Supervised two-dimensional functional principal component analysis with time-to-event outcomes and mammogram imaging data

Screening mammography aims to identify breast cancer early and secondarily measures breast density to classify women at higher or lower than average risk for future breast cancer in the general population. Despite the strong association of individual mammography features to breast cancer risk, the statistical literature on mammogram imaging data is limited. While functional principal component analysis (FPCA) has been studied in the literature for extracting image-based features, it is conducted independently of the time-to-event response variable.

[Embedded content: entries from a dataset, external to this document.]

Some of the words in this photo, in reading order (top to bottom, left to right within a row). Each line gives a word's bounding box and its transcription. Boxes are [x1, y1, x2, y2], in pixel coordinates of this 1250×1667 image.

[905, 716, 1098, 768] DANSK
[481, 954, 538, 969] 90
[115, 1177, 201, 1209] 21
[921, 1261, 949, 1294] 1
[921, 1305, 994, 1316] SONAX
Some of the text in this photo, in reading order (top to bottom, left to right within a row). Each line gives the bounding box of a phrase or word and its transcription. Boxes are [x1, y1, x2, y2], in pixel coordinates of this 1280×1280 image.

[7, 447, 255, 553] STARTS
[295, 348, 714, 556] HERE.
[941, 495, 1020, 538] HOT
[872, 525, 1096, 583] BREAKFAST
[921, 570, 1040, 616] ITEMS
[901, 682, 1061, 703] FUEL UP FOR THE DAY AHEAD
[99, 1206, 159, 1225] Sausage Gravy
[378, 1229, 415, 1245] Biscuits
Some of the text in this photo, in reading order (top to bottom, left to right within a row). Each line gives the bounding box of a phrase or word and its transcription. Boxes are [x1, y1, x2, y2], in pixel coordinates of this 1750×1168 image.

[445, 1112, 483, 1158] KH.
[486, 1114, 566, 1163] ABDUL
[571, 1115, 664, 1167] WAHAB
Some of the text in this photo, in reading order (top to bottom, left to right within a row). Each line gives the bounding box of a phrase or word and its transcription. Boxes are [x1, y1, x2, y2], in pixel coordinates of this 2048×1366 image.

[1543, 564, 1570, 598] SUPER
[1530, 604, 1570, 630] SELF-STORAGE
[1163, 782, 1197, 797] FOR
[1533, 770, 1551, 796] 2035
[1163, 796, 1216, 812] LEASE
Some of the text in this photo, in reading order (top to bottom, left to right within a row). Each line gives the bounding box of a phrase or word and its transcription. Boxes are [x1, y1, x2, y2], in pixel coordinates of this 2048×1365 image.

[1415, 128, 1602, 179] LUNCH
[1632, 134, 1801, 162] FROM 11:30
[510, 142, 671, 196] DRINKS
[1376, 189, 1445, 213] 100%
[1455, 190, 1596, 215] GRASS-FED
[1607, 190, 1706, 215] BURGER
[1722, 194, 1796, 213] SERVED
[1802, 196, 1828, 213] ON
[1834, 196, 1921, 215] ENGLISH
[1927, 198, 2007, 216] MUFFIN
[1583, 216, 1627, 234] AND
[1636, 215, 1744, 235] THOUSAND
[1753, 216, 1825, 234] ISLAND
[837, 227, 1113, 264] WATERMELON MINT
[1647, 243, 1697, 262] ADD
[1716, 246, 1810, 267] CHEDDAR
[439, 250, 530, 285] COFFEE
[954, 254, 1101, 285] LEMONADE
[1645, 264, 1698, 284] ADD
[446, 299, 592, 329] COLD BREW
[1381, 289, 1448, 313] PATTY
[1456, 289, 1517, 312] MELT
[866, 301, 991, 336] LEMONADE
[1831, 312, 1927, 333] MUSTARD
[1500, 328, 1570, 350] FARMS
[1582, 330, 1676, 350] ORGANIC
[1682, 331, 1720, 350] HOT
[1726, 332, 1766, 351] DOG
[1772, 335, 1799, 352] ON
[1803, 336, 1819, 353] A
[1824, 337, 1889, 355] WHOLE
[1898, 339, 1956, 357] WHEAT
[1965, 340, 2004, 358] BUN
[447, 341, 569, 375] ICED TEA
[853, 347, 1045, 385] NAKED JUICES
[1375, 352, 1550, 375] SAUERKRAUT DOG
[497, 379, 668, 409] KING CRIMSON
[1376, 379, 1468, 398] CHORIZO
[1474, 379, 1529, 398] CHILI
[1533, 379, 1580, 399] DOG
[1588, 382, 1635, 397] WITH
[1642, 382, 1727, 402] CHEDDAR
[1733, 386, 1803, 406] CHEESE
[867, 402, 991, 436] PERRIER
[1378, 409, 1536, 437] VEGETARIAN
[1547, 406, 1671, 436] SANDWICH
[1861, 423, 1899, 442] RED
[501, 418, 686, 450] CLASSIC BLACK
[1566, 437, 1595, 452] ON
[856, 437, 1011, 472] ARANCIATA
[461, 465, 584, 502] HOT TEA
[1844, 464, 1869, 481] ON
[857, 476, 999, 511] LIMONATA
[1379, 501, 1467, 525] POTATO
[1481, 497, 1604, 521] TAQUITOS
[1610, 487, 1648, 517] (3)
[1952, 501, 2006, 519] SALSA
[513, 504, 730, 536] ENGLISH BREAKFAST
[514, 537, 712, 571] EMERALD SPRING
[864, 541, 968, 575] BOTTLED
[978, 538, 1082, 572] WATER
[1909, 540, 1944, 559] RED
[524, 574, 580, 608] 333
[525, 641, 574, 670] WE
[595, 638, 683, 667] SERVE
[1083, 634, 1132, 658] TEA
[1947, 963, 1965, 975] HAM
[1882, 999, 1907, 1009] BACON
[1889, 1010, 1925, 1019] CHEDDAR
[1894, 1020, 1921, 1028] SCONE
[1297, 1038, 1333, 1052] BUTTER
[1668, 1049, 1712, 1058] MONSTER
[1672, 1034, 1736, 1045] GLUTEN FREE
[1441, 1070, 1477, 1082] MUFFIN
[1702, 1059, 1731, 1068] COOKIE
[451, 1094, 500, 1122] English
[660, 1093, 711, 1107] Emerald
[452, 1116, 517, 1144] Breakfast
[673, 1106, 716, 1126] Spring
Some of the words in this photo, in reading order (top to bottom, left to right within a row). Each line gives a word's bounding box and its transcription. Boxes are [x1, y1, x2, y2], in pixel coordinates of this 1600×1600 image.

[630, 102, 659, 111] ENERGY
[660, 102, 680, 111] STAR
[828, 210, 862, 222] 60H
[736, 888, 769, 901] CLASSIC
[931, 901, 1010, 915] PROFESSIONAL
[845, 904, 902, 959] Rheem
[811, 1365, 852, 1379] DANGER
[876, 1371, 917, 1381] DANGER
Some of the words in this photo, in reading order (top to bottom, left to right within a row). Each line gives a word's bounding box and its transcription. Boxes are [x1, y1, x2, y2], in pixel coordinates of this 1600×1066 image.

With the consideration of building a prognostic model for precision prevention, we present a set of flexible methods, supervised FPCA (sFPCA) and functional partial least squares (FPLS), to extract image-based features associated with the failure time while accommodating the added complication from right censoring. Throughout the article, we hope to demonstrate that one method is favored over the other under different clinical setups. The proposed methods are applied to the motivating data set from the Joanne Knight Breast Health cohort at Siteman Cancer Center. Our approaches not only obtain the best prediction performance compared to the benchmark model, but also reveal different risk patterns within the mammograms.

Automated summary

Screening mammography is a method to detect breast cancer early, and it measures breast density to predict future cancer risk. This article introduces flexible methods, supervised FPCA and functional partial least squares, to extract image-based features associated with failure time while considering right censoring. The proposed methods outperform benchmark models in terms of prediction performance and reveal different risk patterns within mammograms.